Lauren se sentó en la cama y acarició la frente de Marcia, que se despertó.
– Cu-cu -dijo Lauren-. Hoy es el gran día.
– Aún no -contestó Marcia, levantando los párpados-. De momento aún es de noche.
– No por mucho tiempo, cariño, no por mucho tiempo. Enseguida vendrán a buscarte y te prepararán.
– ¿Te quedas conmigo? -preguntó Marcia, inquieta.
– Yo también tengo que ir a prepararme, nos encontraremos en la entrada del quirófano.
– ¿Eres tú quien va a operarme?
– Yo ayudaré al profesor Fernstein, el de la voz muy grave, como tú dices.
– ¿Tienes miedo? -quiso saber la pequeña.
– Te me has adelantado: iba a hacerte la misma pregunta.
La niña dijo que ella no tenía miedo, pues confiaba.
– Ahora me voy arriba, nos veremos enseguida.
– Esta noche habré ganado mi apuesta.
– ¿Qué has apostado?
– Adiviné el color de tus ojos y lo escribí en un papel; está doblado en el cajón de mi mesilla de noche, lo abriremos las dos juntas después de la operación.

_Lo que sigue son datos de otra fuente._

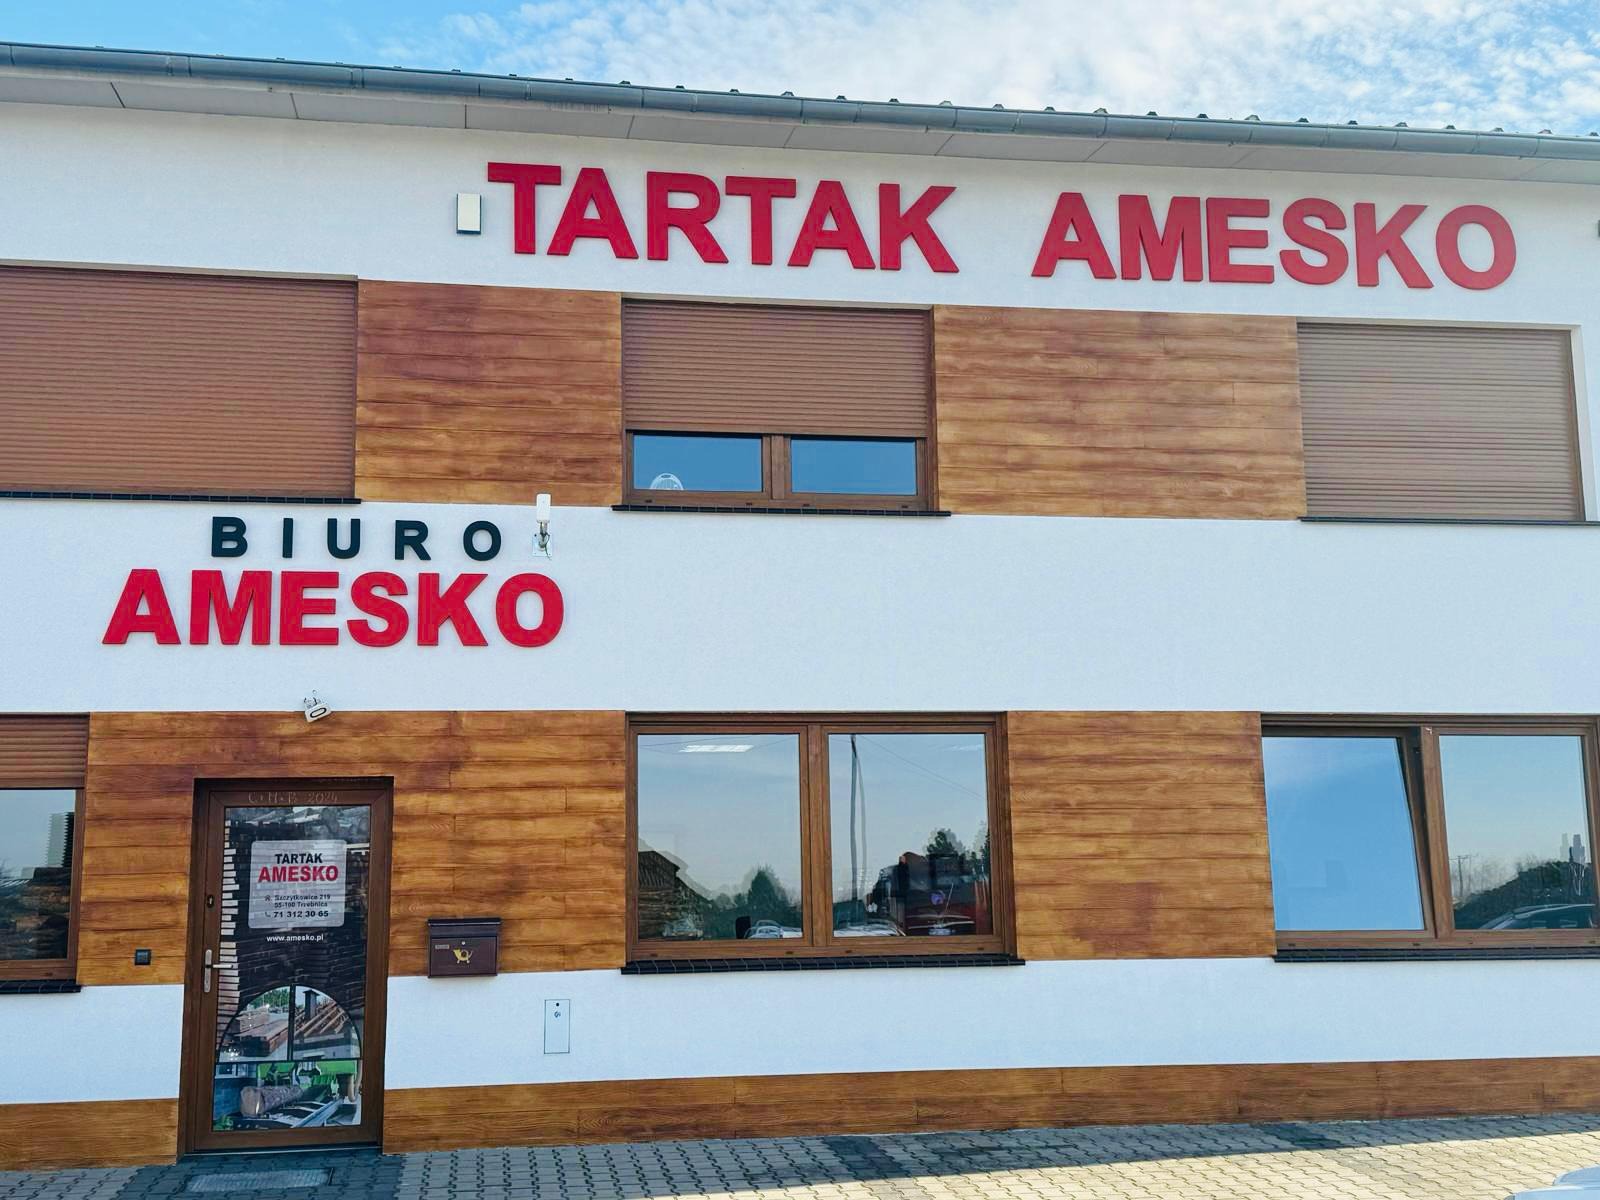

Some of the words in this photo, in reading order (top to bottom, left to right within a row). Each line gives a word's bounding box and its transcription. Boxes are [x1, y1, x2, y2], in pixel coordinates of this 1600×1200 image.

[488, 162, 960, 274] TARTAK
[1030, 191, 1518, 291] AMESKO
[210, 516, 502, 562] BIURO
[101, 568, 565, 648] AMESKO
[274, 853, 323, 865] TARTAK
[257, 865, 339, 883] AMESKO
[305, 910, 316, 918] 30
[318, 910, 329, 918] 65
[266, 934, 324, 943] www.amesko.pl

– Te lo prometo -dijo Lauren mientras se iba. Marcia se agachó, ignorando totalmente la presencia de Lauren, que permanecía en el umbral de la puerta mirándola en silencio, y se deslizó debajo de la cama.

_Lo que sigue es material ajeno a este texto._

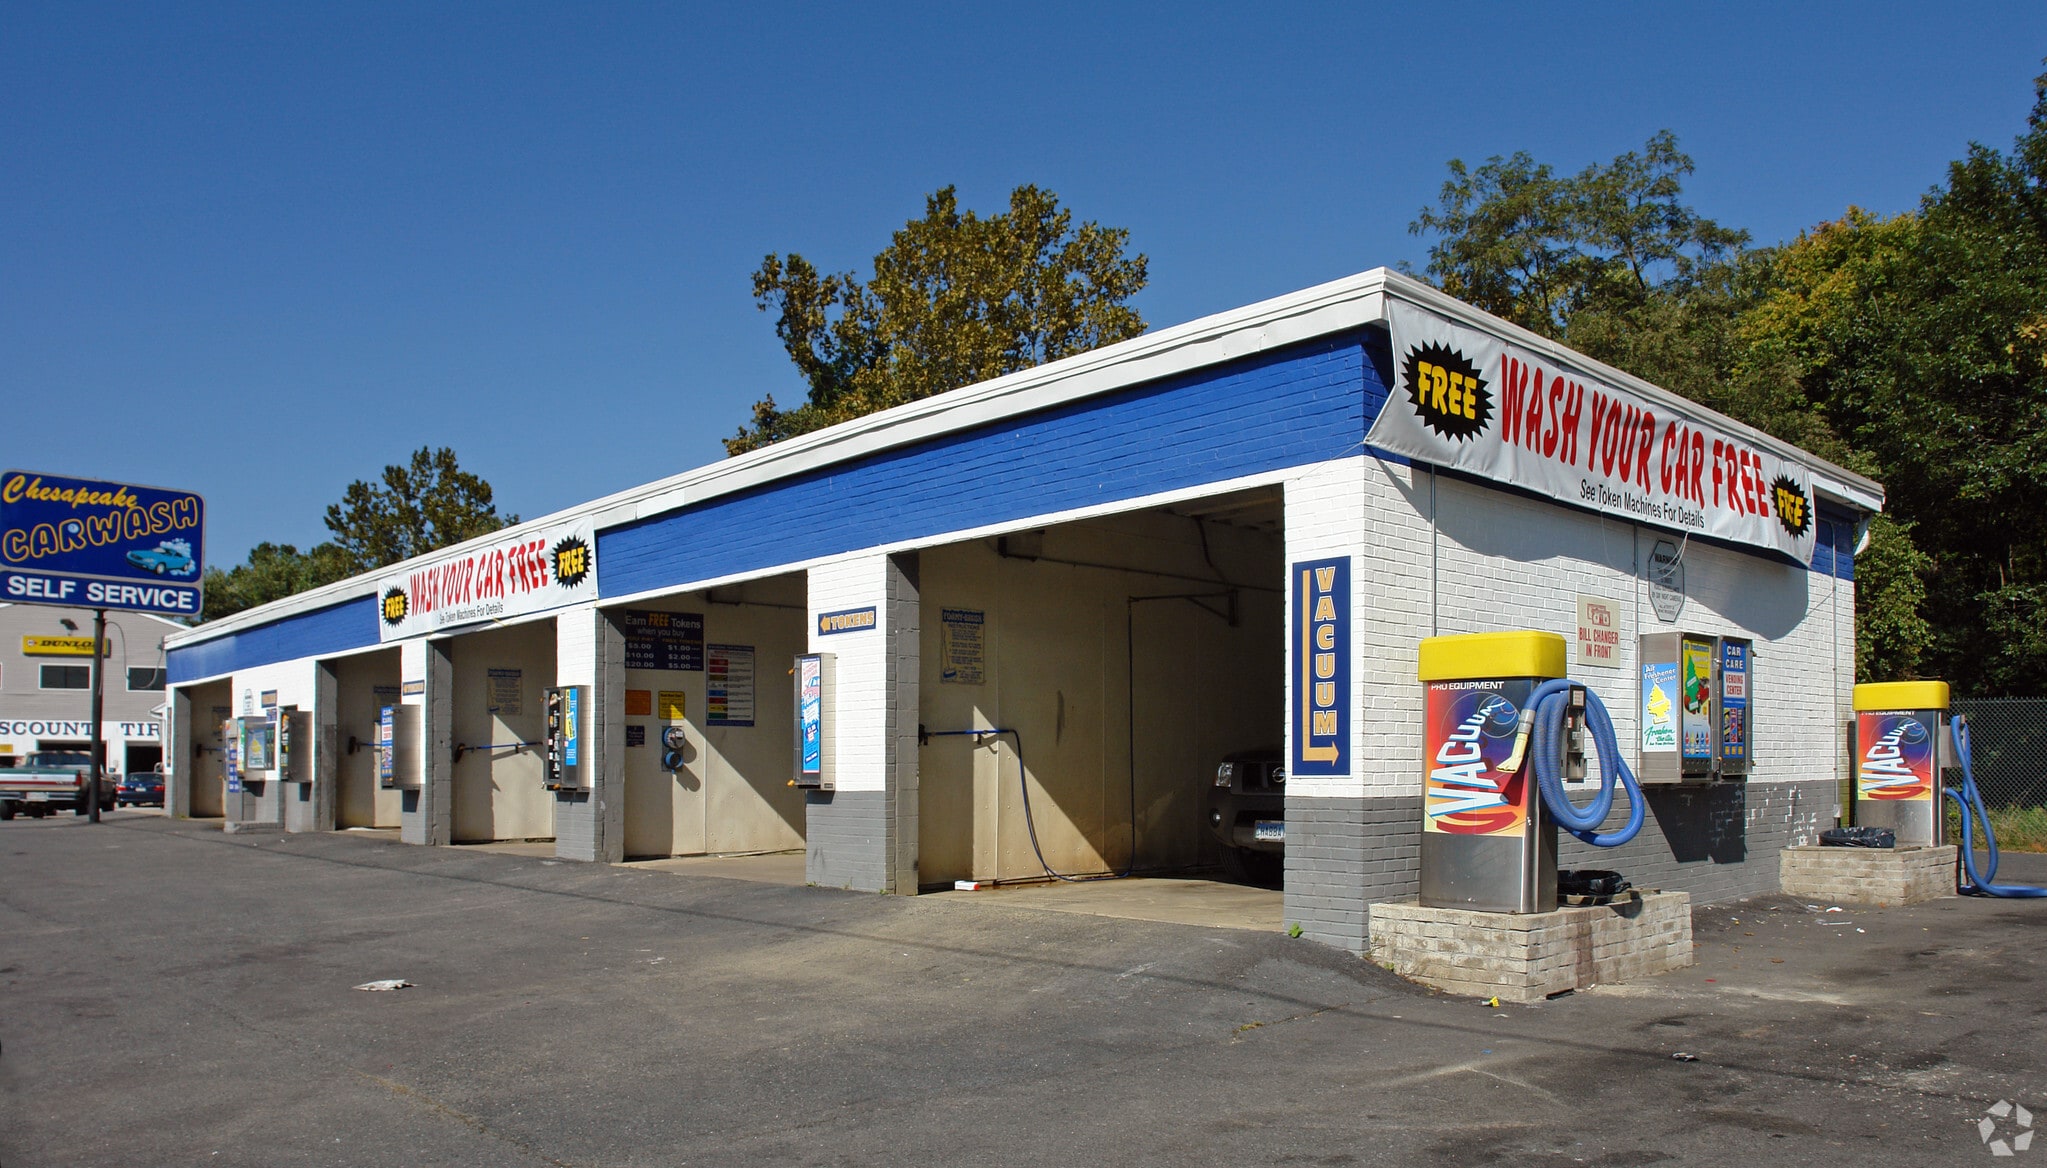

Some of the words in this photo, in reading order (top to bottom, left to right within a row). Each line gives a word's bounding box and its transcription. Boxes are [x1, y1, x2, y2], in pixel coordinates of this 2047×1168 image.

[1418, 361, 1477, 420] FREE
[1501, 353, 1584, 466] WASH
[1587, 391, 1655, 495] YOUR
[1661, 417, 1705, 510] CAR
[1712, 440, 1769, 517] FREE
[3, 475, 137, 508] Chesapeake
[1581, 479, 1595, 501] See
[1599, 485, 1621, 508] Token
[1624, 492, 1661, 520] Machines
[1664, 502, 1676, 520] For
[1678, 507, 1704, 528] Details
[1776, 488, 1803, 526] FREE
[559, 547, 584, 577] FREE
[410, 567, 440, 616] WASH
[441, 557, 473, 605] YOUR
[476, 549, 505, 600] CAR
[508, 539, 548, 594] FREE
[8, 575, 76, 598] SELF
[86, 582, 193, 609] SERVICE
[385, 596, 404, 618] FREE
[456, 608, 476, 622] Machines
[476, 605, 485, 617] For
[486, 601, 504, 616] Details
[648, 613, 669, 627] FREE
[671, 618, 701, 629] Tokens
[831, 610, 874, 631] TOKENS
[637, 627, 656, 635] when
[658, 629, 671, 637] you
[672, 629, 685, 638] buy
[1579, 627, 1591, 641] BILL
[1594, 629, 1619, 645] CHANGER
[40, 640, 95, 648] DUNLO
[1314, 566, 1337, 735] VACUUM
[1586, 644, 1592, 656] IN
[1594, 644, 1612, 659] FRONT
[1726, 646, 1741, 656] CAR
[1645, 664, 1655, 672] Air
[1725, 659, 1743, 669] CARE
[1644, 668, 1676, 680] Freshener
[1655, 675, 1676, 684] Center
[1726, 674, 1743, 684] VENDING
[1449, 681, 1504, 690] EQUIPMENT
[1726, 685, 1742, 695] CENTER

– Sé muy bien que estás escondido en alguna parte, pero no hay ningún motivo para tener miedo -dijo la pequeña. Su mano palpaba el suelo, en busca de un peluche. Sus dedos rozaron el pelaje del mochuelo y lo colocó frente a ella.
– Tienes que salir de aquí, no hay ningún motivo para temer la luz -dijo-. Si confías en mí, yo te enseñaré los colores; confías en mí, ¿verdad? A cada uno le llega su turno, ¿crees que a mí no me daba miedo la oscuridad? Es difícil describir la luz del día, ¿sabes? Es bonito y ya está. Yo prefiero el verde, pero el rojo también me gusta mucho, los colores tienen olores, así es como se los reconoce; espera, no te muevas, te lo voy a enseñar.
La pequeña salió de su escondite y se dirigió lo mejor que pudo a la mesita de noche. Cogió un platito y un vaso que tenía escondidos allí. Una vez instalada de nuevo debajo del somier, le mostró orgullosamente una fresa y dijo, con voz resuelta: -Este es el rojo, y éste es el verde -añadió, avanzando el vaso con menta.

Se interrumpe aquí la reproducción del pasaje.